The latest issue of Workplace Review (Vol 2(1)) is now available online and will shortly follow in hard copy. As well as our regular Discrimination Section (brought to you by Jacquie Seemann and colleagues from Thomsons Lawyers) and Work Health Safety coverage from Michael Tooma, the wide range of articles and features in this issue will engage both mind and humour.
Featured on the cover is Simon Fieldhouse’s portrait of the federal Workplace Relations Minister, Senator Chris Evans, who was interviewed for Workplace Review by Steven Andrew. Interestingly, there are many parallels as well as contrasts between Julia Gillard and the man who was the first Labor Senator in 100 years to fill the PM’s Chair in June 2008.
From WA, we hear from editorial board member Duncan Fletcher about whether unfair dismissal may be available to the “fat cats” in the West, due to an award made by the State Commission under its pre-Work Choices powers.
Edward Stratton-Smith of Edmund Barton Chambers in Adelaide covers a recent UK case dealing with the question of when dismissal of an employee takes effect. The right to claim for unfair dismissal under our Fair Work Act must be exercised within a certain time period from that event. What if the timing of a dismissal, especially without notice, is uncertain?

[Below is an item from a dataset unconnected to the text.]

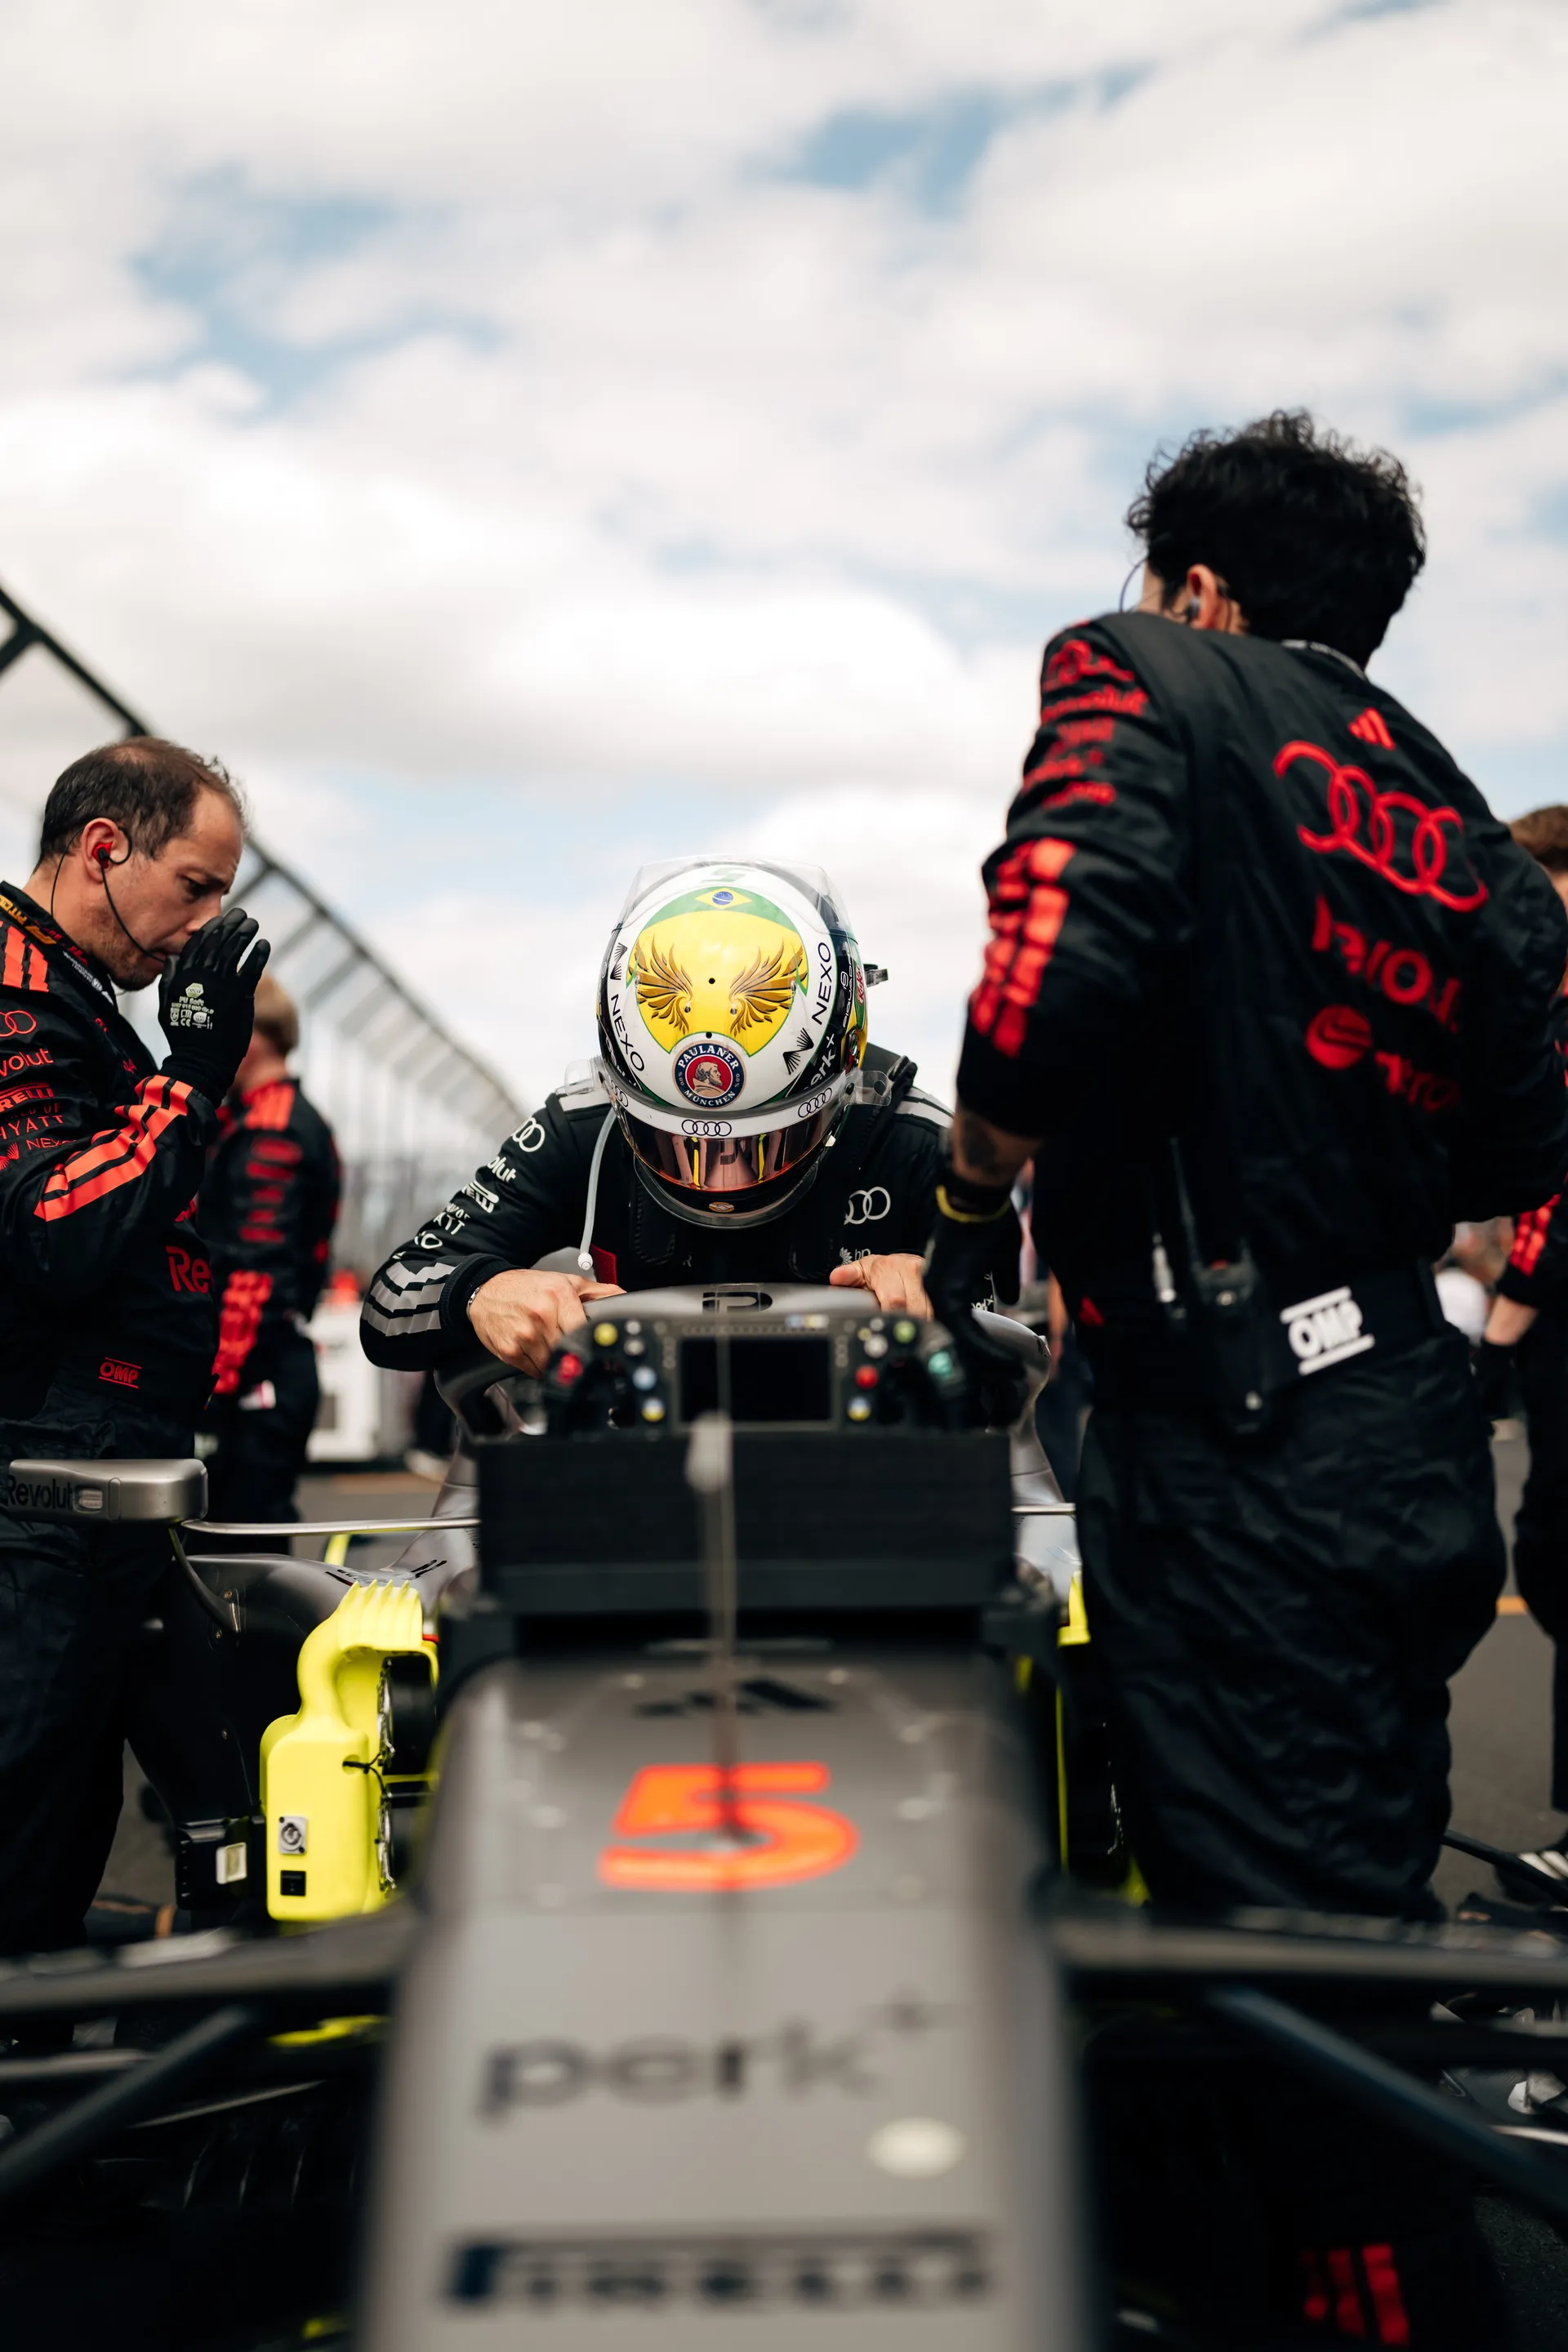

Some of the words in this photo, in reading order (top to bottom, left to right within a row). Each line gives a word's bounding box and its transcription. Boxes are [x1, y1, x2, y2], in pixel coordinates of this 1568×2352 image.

One of Workplace Review’s General Editors, Neil Napper, discusses the impact of a Federal Court case which looked at the protection available to union officers and found that employers are very constrained as to what they can do in relation to employees acting in that capacity without breaching the adverse action provisions of the Fair Work Act. Whether the question will be taken to the High Court is something to watch out for.

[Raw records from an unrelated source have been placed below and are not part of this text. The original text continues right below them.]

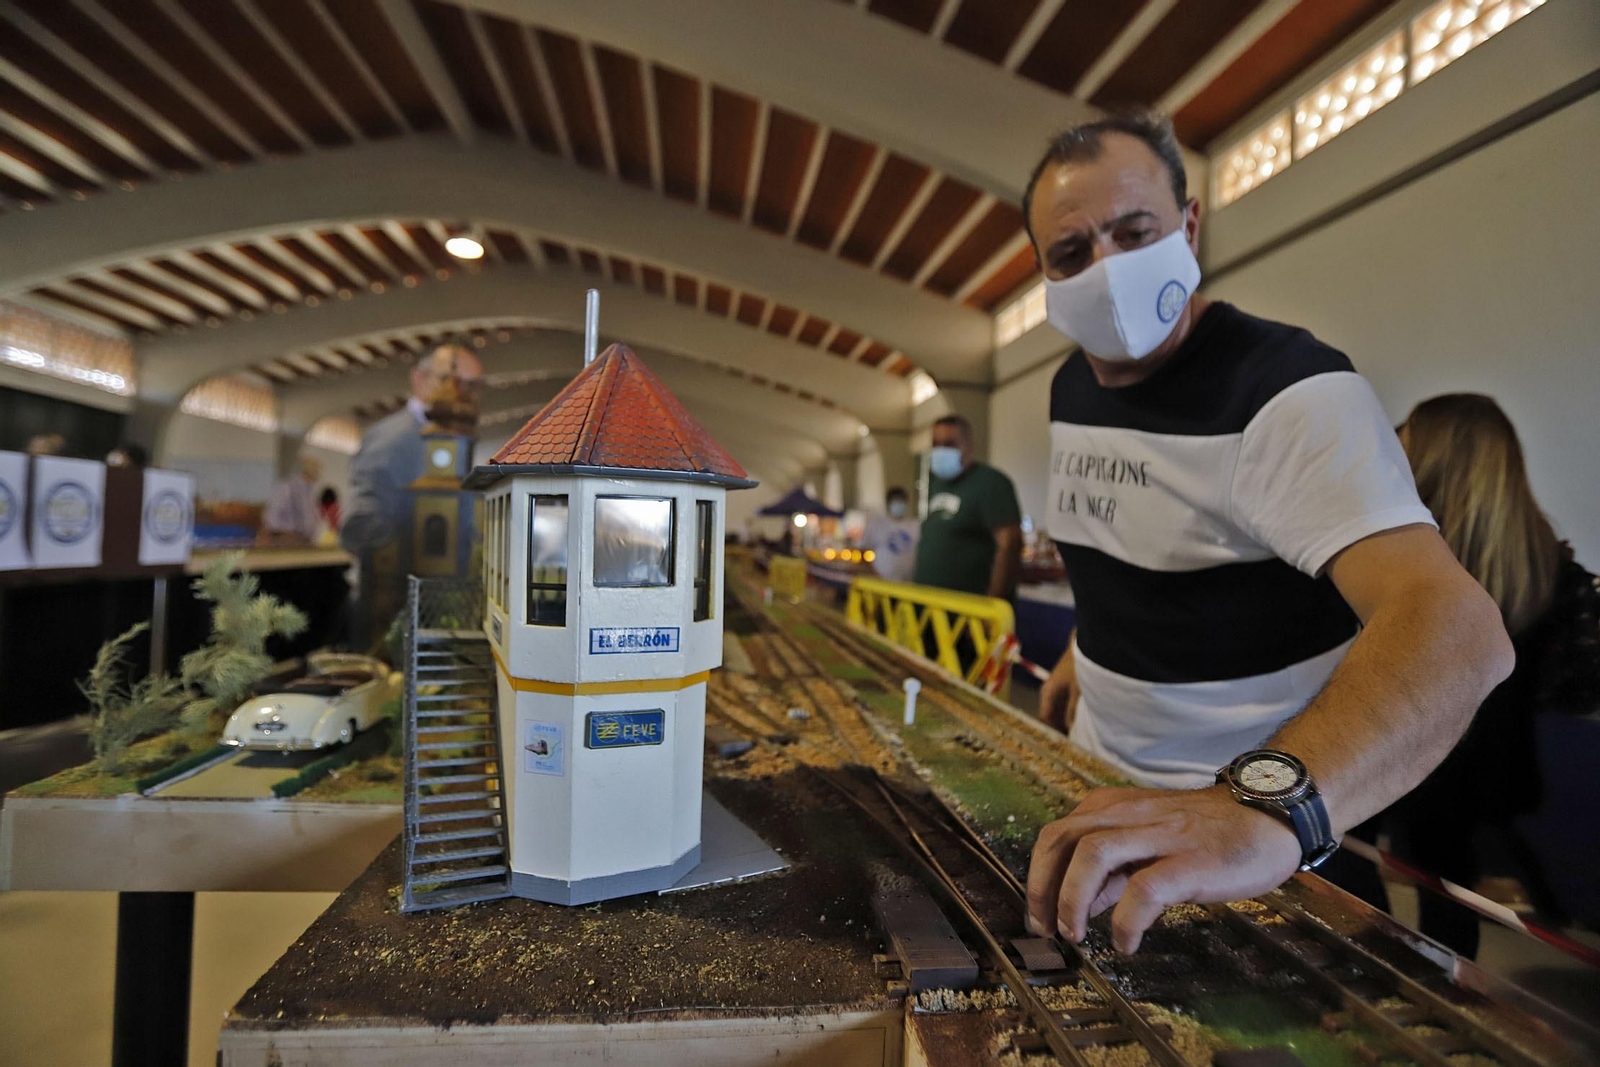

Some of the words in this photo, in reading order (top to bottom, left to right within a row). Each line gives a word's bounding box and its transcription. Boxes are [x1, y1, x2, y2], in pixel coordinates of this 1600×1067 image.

[1066, 451, 1151, 488] CAPITAINE
[1058, 490, 1076, 515] LA
[1086, 494, 1117, 524] MER
[598, 634, 612, 648] EL
[623, 722, 657, 739] FEVE

In NSW, the Court of Appeal has been looking at post-employment restraints of trade clauses – as Chiew & Napper note, when these clauses are well drafted they can be enforceable to protect legitimate business interests from competition. Employers should take note!
Our editorial board member from SA, Rick Manuel, has not shirked from looking at the contentious issue of right of entry under current federal legislation, setting out the fundamental requirements and obligations binding both employer and union.

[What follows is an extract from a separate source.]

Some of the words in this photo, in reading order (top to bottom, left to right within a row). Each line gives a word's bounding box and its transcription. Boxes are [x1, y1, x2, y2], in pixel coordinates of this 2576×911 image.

Elizabeth Kenny of David Allen Legal has taken up another issue that has recently been in the spotlight: sham contracting. This helpful piece looks at the current approach to this matter in the context of the Fair Work Ombudsman’s recent declaration of concern about it.
Don’t miss “Jeff Phillips On the Case” which looks at an appeal court case dealing with enforcement of a discretionary bonus at common law – employment lawyers may share Jeff’s ‘you little beauty’ moment reading this one. And on the lighter side, spend some time in historic and politically important streets of Sydney, revisiting the days of Rodney Cavalier’s time in State politics, the history of the AWU Building, and enjoying chance encounters with the people that you might meet each day.